▸ YOUR OBJECTIVE
Once the images are removed, set down everything else in the listing below exactly.

▸ RECORDS FOR THE EXERCISE
----
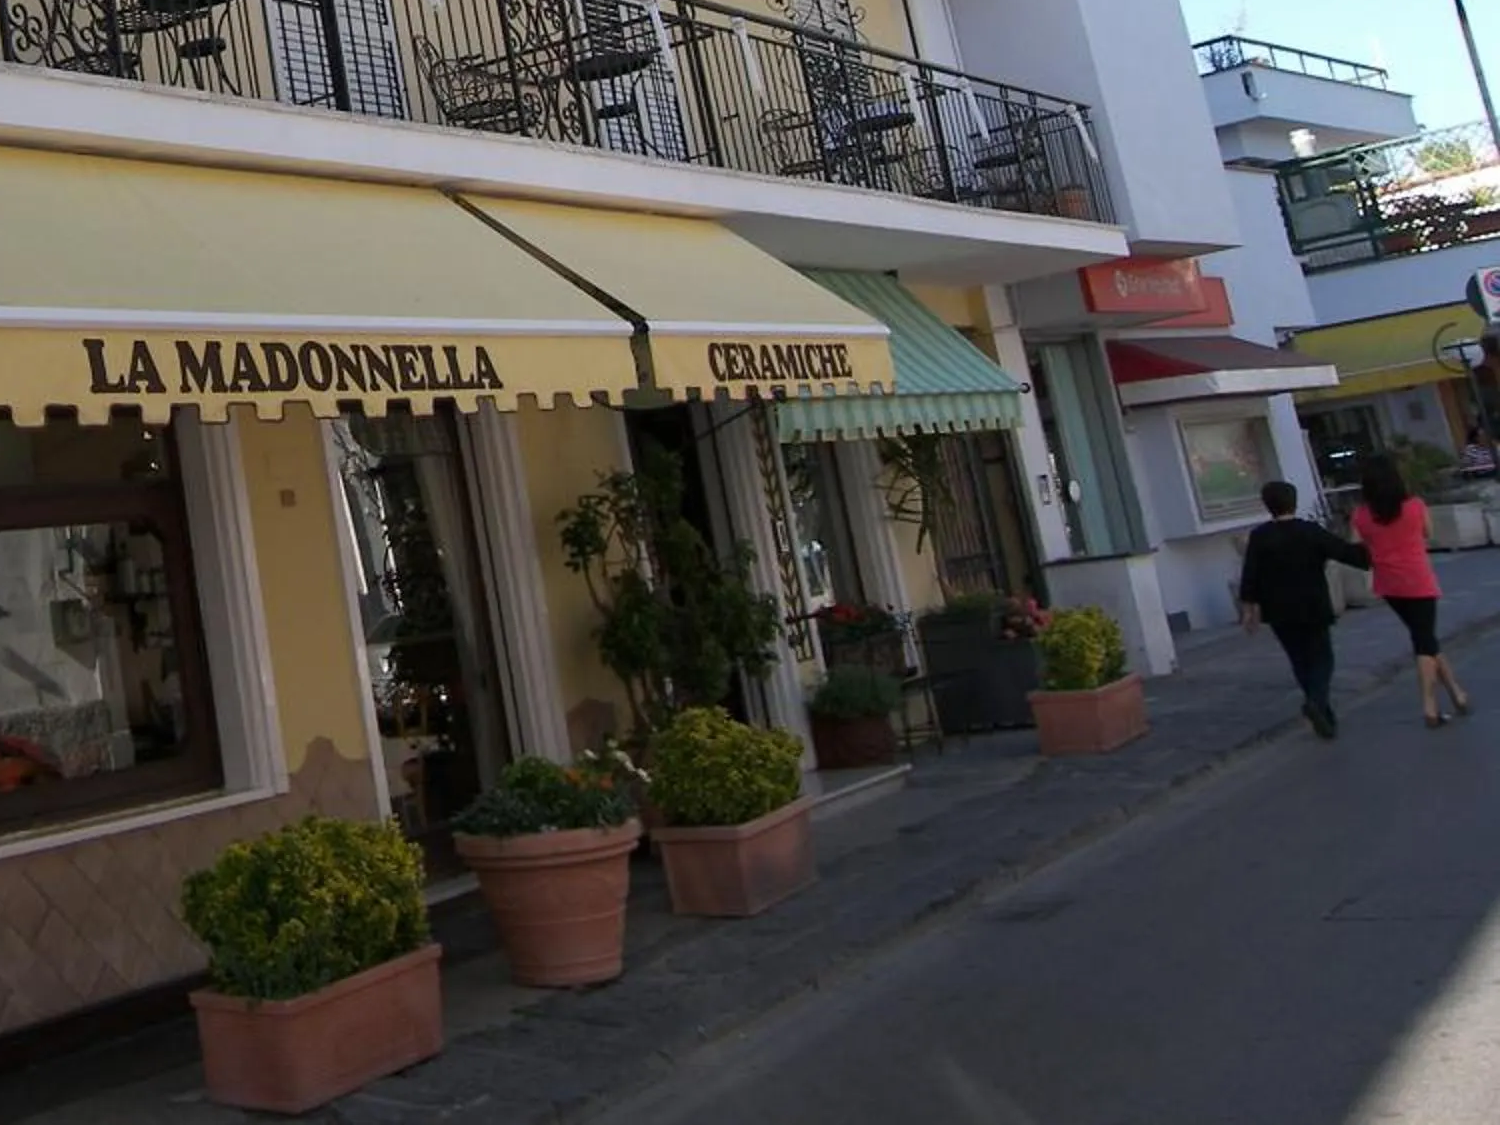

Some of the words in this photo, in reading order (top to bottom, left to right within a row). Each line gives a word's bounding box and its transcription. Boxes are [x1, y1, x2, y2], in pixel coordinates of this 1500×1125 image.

[83, 338, 166, 393] LA
[175, 340, 504, 393] MADONNELLA
[708, 342, 853, 382] CERAMICHE
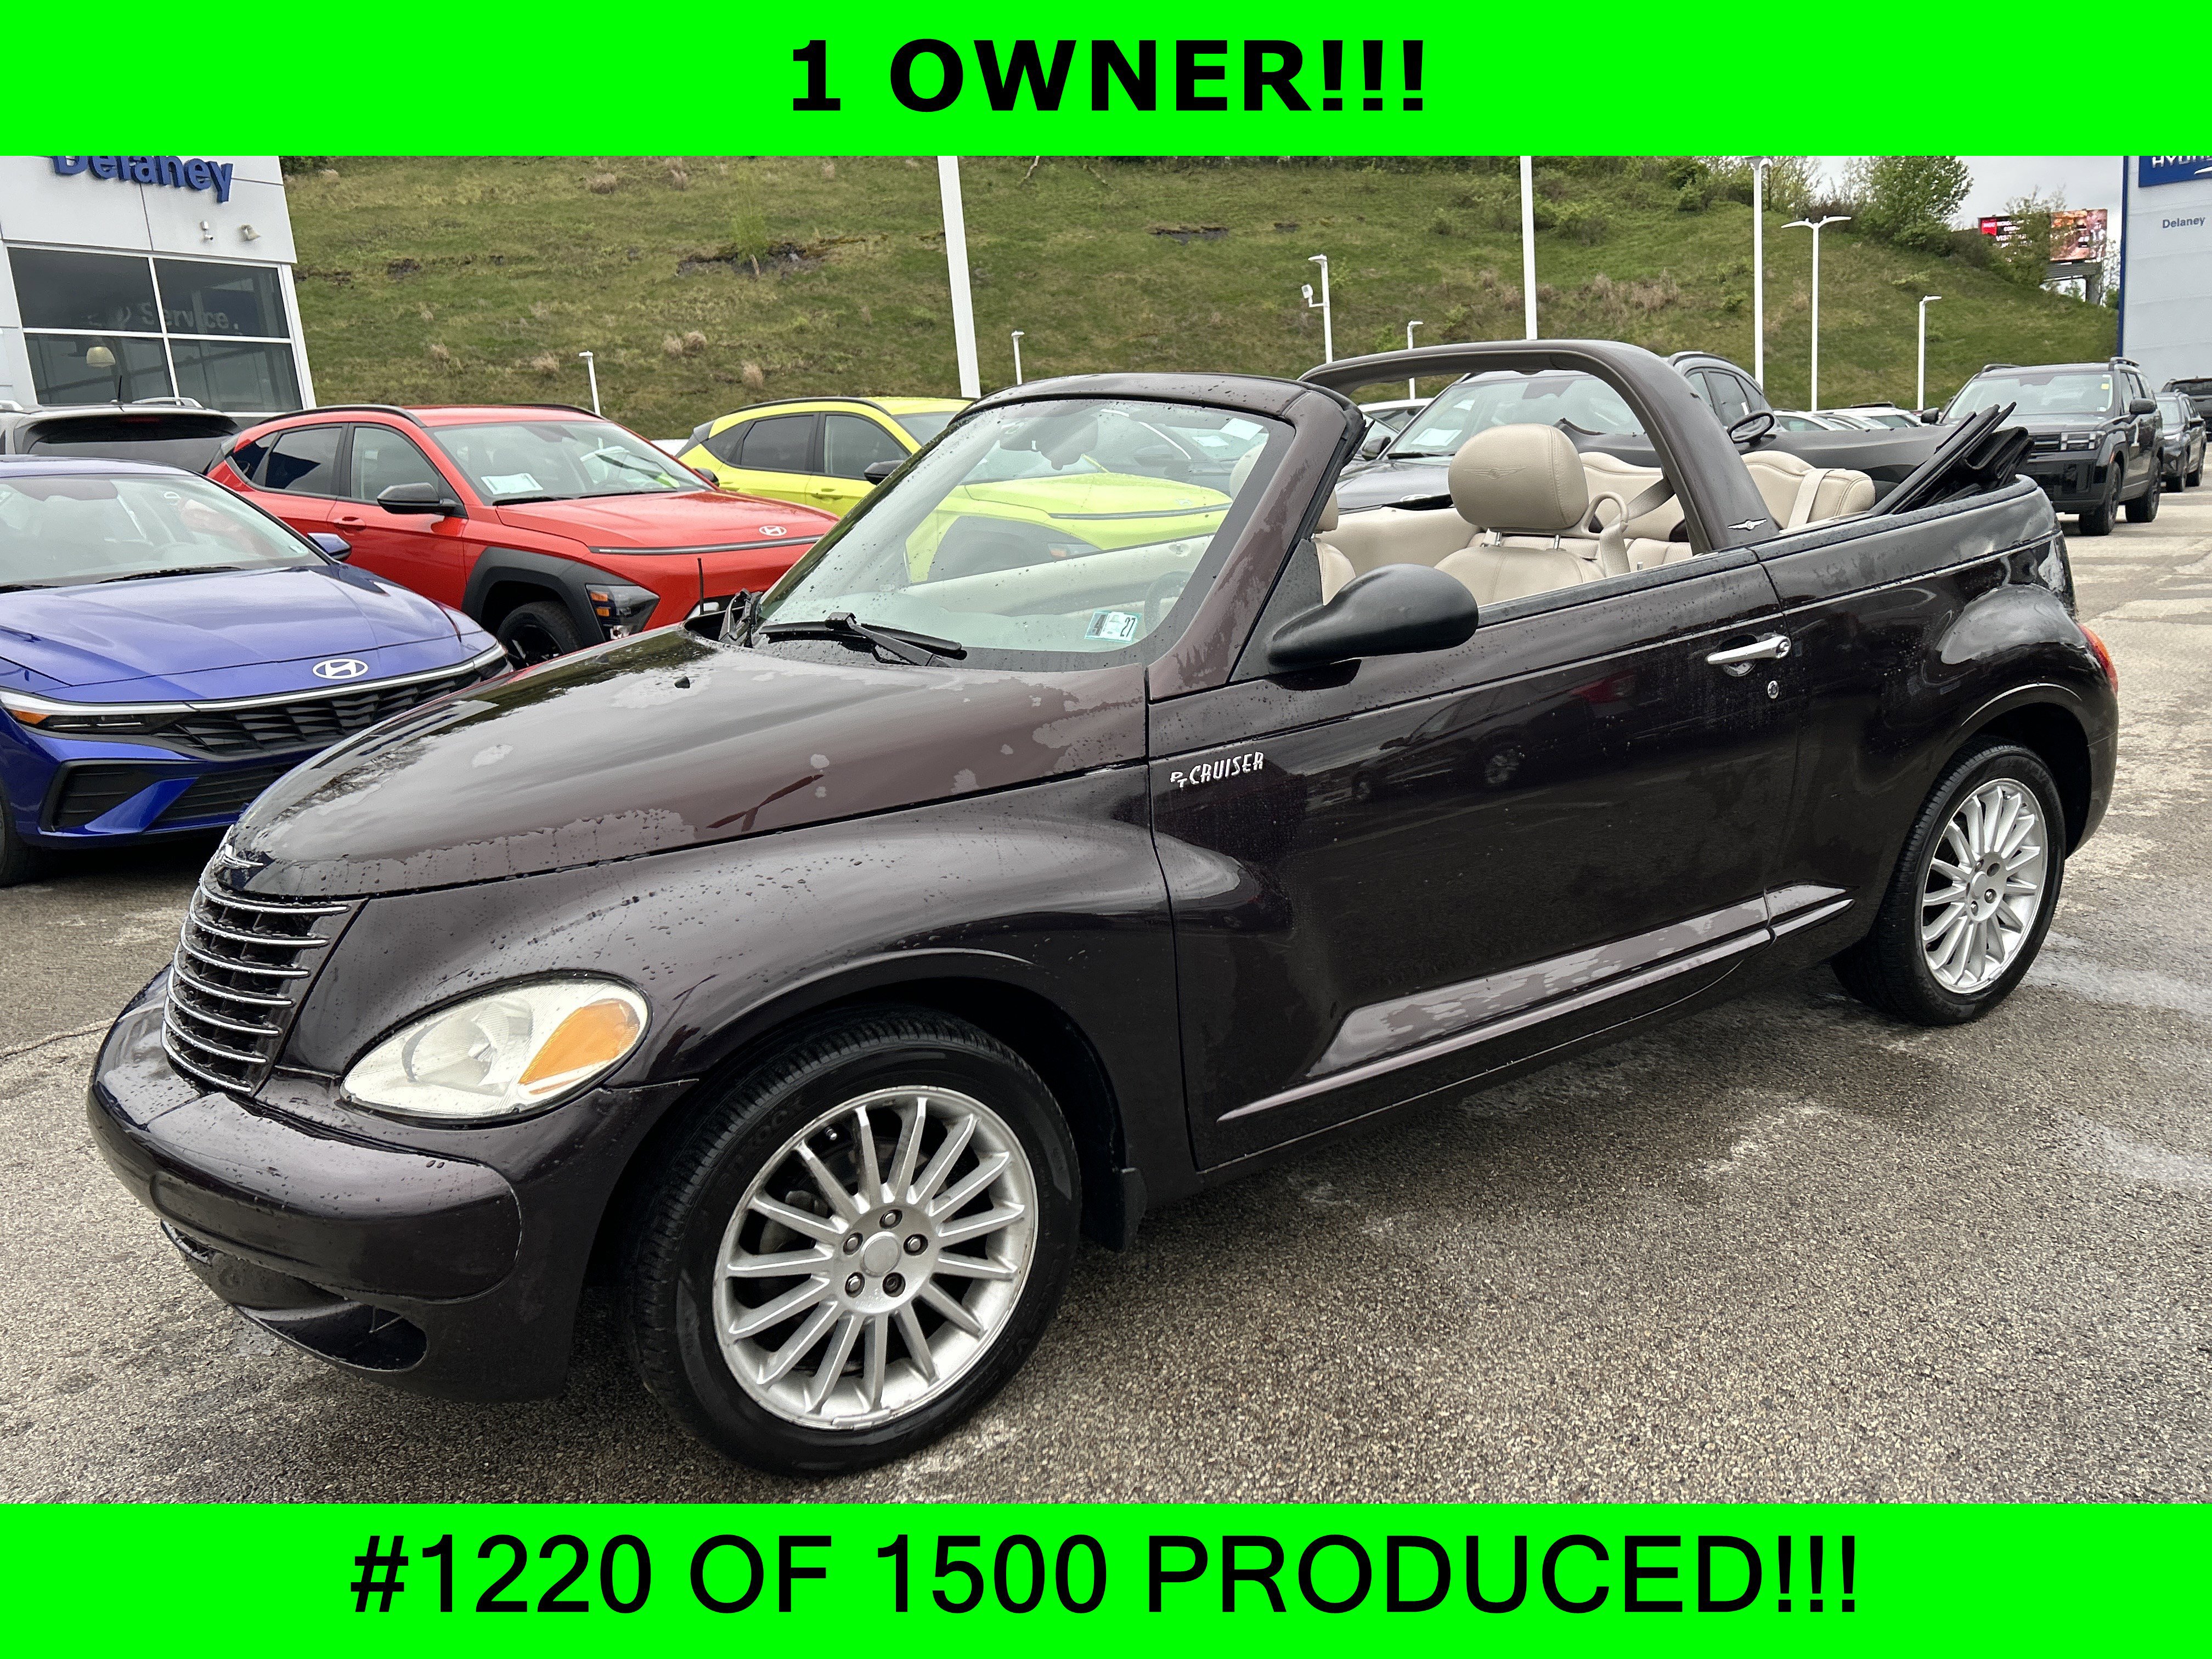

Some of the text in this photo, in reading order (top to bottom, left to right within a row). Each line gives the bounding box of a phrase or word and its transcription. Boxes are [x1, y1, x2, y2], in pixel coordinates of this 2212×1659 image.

[2162, 217, 2205, 228] Delaney
[1120, 617, 1136, 637] 27
[1170, 752, 1263, 788] PT CRUISER
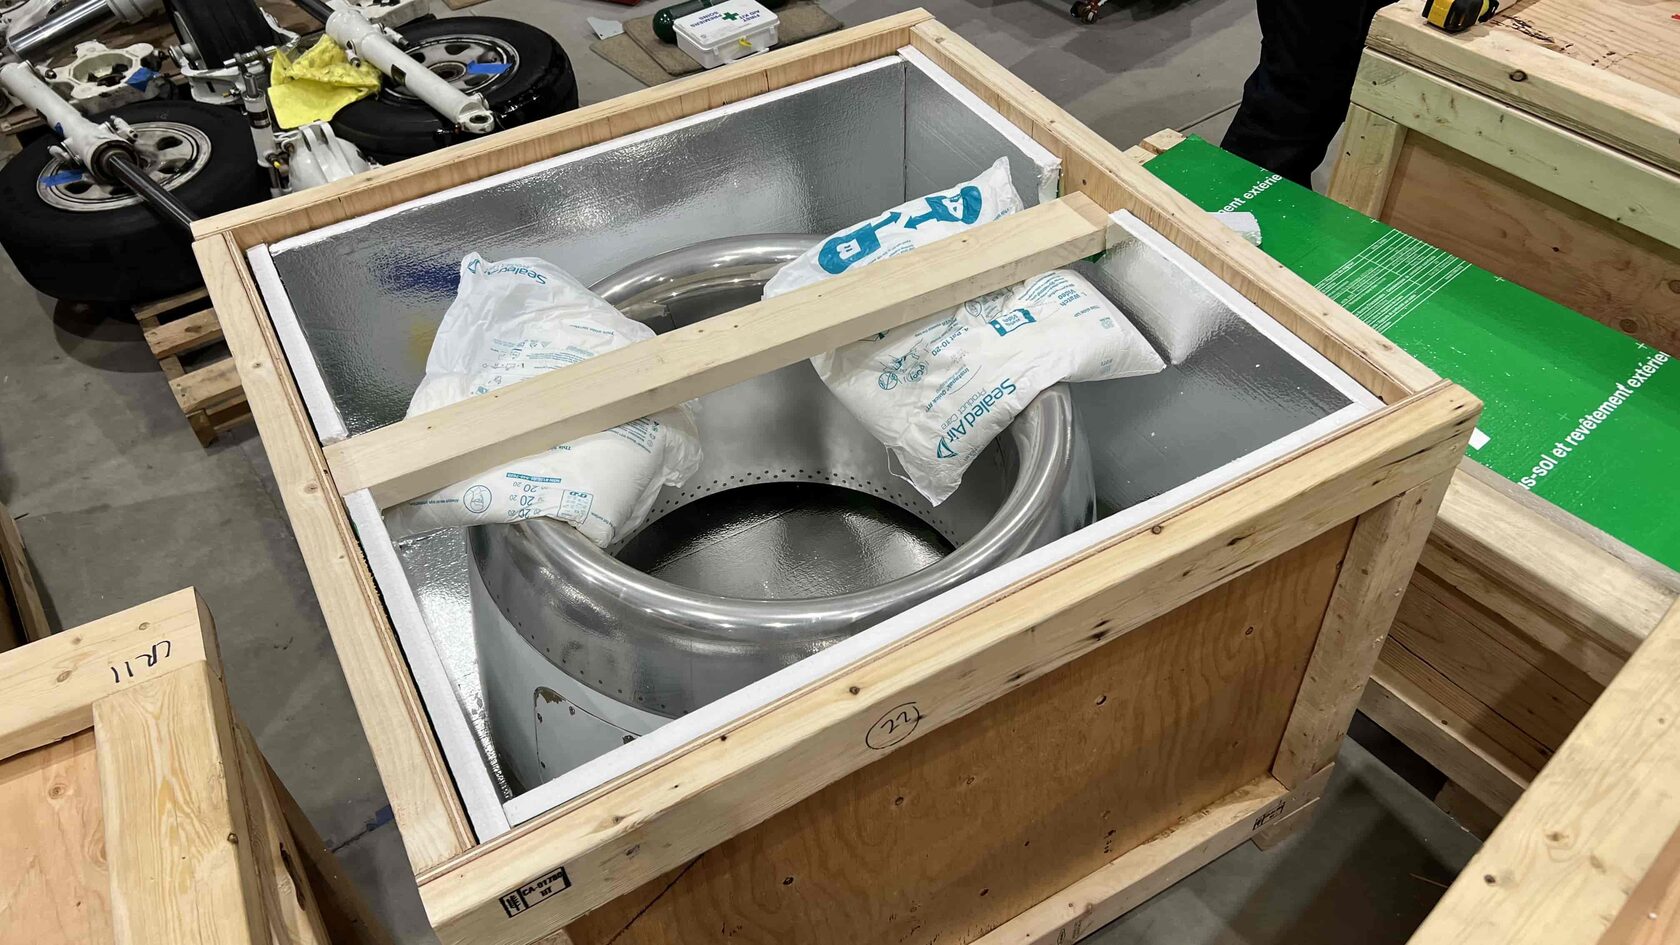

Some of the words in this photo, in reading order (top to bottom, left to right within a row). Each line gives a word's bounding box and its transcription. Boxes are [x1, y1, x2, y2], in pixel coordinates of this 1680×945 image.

[690, 14, 722, 28] PREMIERS
[699, 11, 719, 20] SOINS
[743, 14, 760, 22] FIRST
[836, 239, 861, 260] B
[1059, 293, 1081, 307] Watch
[931, 340, 951, 357] 10-20
[958, 387, 987, 414] Product
[963, 378, 1017, 428] Sealed
[941, 413, 959, 431] Care
[1552, 442, 1573, 458] et
[1565, 382, 1634, 446] revêtement
[946, 419, 967, 442] Air
[520, 495, 535, 506] 20
[880, 711, 911, 734] 22
----
▸ TASK SOLUTION
Some of the words in this photo, in reading order (top to bottom, left to right within a row). Each line gives a word's bounding box and its transcription. Boxes are [x1, y1, x2, y2], in pixel coordinates of this 1500×1125 image.

[83, 338, 166, 393] LA
[175, 340, 504, 393] MADONNELLA
[708, 342, 853, 382] CERAMICHE

Some of the text in this photo, in reading order (top to bottom, left to right within a row). Each line gives the bounding box of a phrase or word and its transcription. Boxes are [x1, y1, x2, y2], in pixel coordinates of this 2212×1659 image.

[2162, 217, 2205, 228] Delaney
[1120, 617, 1136, 637] 27
[1170, 752, 1263, 788] PT CRUISER

Some of the words in this photo, in reading order (top to bottom, left to right within a row). Each line gives a word's bounding box and its transcription. Boxes are [x1, y1, x2, y2], in pixel coordinates of this 1680×945 image.

[690, 14, 722, 28] PREMIERS
[699, 11, 719, 20] SOINS
[743, 14, 760, 22] FIRST
[836, 239, 861, 260] B
[1059, 293, 1081, 307] Watch
[931, 340, 951, 357] 10-20
[958, 387, 987, 414] Product
[963, 378, 1017, 428] Sealed
[941, 413, 959, 431] Care
[1552, 442, 1573, 458] et
[1565, 382, 1634, 446] revêtement
[946, 419, 967, 442] Air
[520, 495, 535, 506] 20
[880, 711, 911, 734] 22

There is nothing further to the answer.